Some resources are already alarmingly scarce, including water, land, fish and especially petroleum. Some geologists think petroleum supply will peak within a decade. If all the world’s people today were to consume resources at the per capita rate we in rich countries do, the annual supply rate would have to be more than six times as great as at present, and if the population of 9 billion we will have on earth soon were to do so it would have to be about ten times as great.

Second, the per capita area of productive land needed to supply one Australian with food, water, settlements and energy, is about 7-8 ha. The US figure is closer to 12 ha. But the average per capita area of productive land available on the planet is only about 1.3 ha. When the world population reaches 9 billion the per capita area of productive land available will be only 0.8 ha. In other words in a world where resources were shared equally we would all have to get by on about 10 per cent of the present average Australian footprint.

Third, the greenhouse problem is the most powerful and alarming illustration of the overshoot.
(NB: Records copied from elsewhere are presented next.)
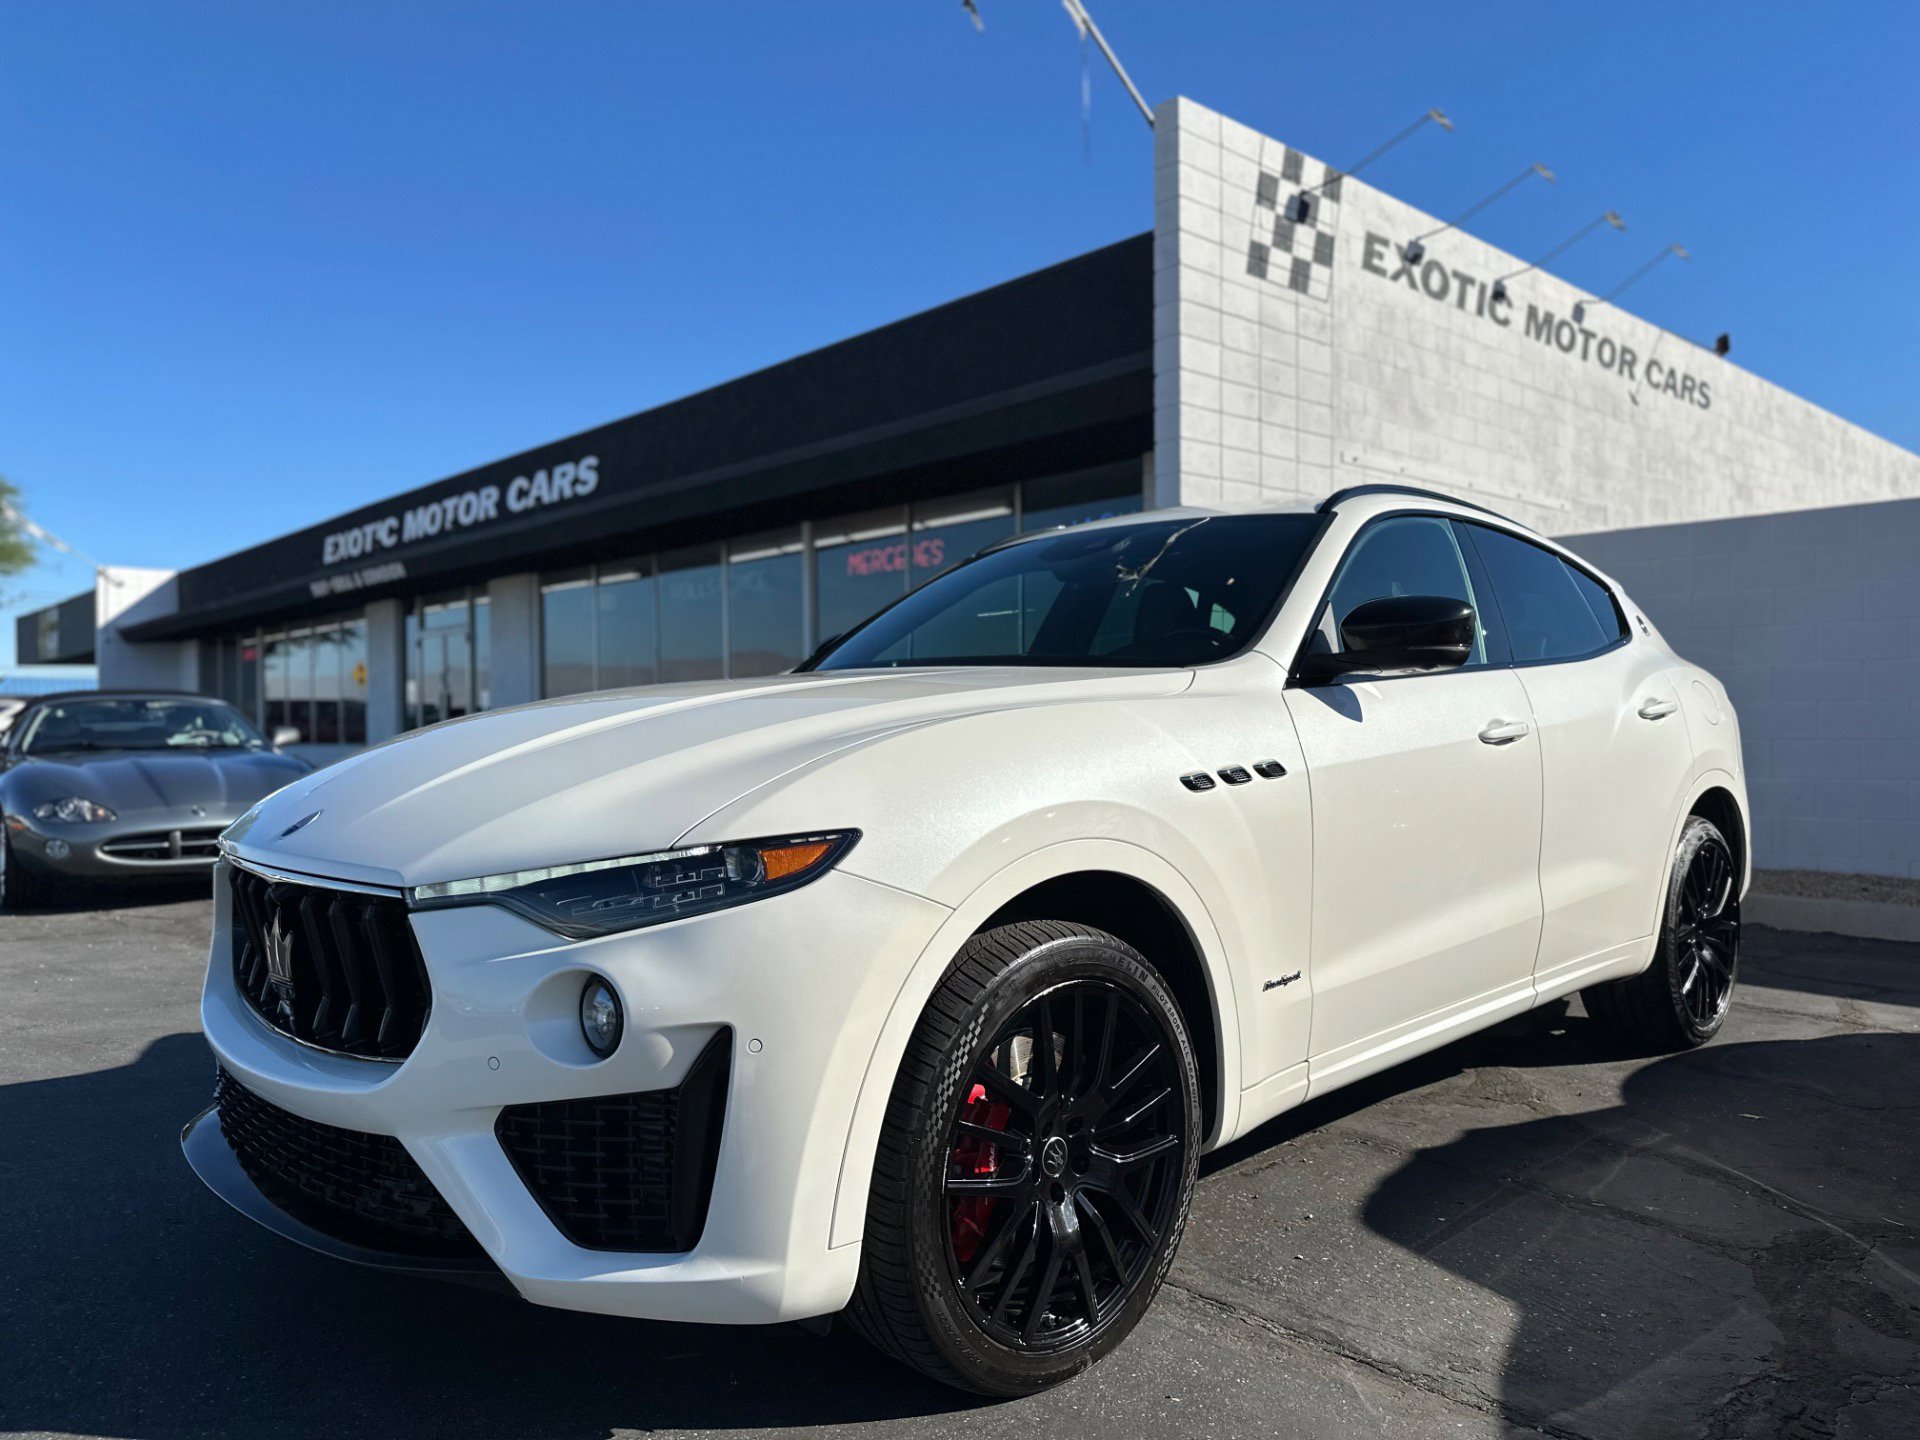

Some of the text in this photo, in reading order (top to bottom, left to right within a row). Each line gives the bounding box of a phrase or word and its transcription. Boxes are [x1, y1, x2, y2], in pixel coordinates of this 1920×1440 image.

[1361, 231, 1711, 410] EXOTIC MOTOR CARS
[402, 485, 500, 542] MOTOR
[506, 455, 600, 512] CARS
[1077, 947, 1148, 983] CHELIN
[1151, 984, 1169, 1006] PILOT
[1167, 1005, 1183, 1036] SPORT
[1181, 1040, 1191, 1057] ALL
The scientists are telling us that if we are to stop the carbon dioxide content of the atmosphere from reaching twice the pre-industrial level we must cut global carbon emissions, and thus fossil fuel use, by 60 per cent in the short term, and more later.

If we cut it 60 per cent and shared the remaining energy among 9 billion people each Australian would have to get by on less than 5 per cent of the fossil fuel now used. And that target, a doubling of atmospheric CO2, is much too high to be safe. We’re now 30 per cent above pre-industrial levels and already seeing disturbing climatic effects.

These lines of argument show we must face up to enormous reductions in rich world resource use, perhaps by 90 per cent, if we’re to solve the big global problems. This is not possible in a society that’s committed to the affluent lifestyles that require high energy and resource use.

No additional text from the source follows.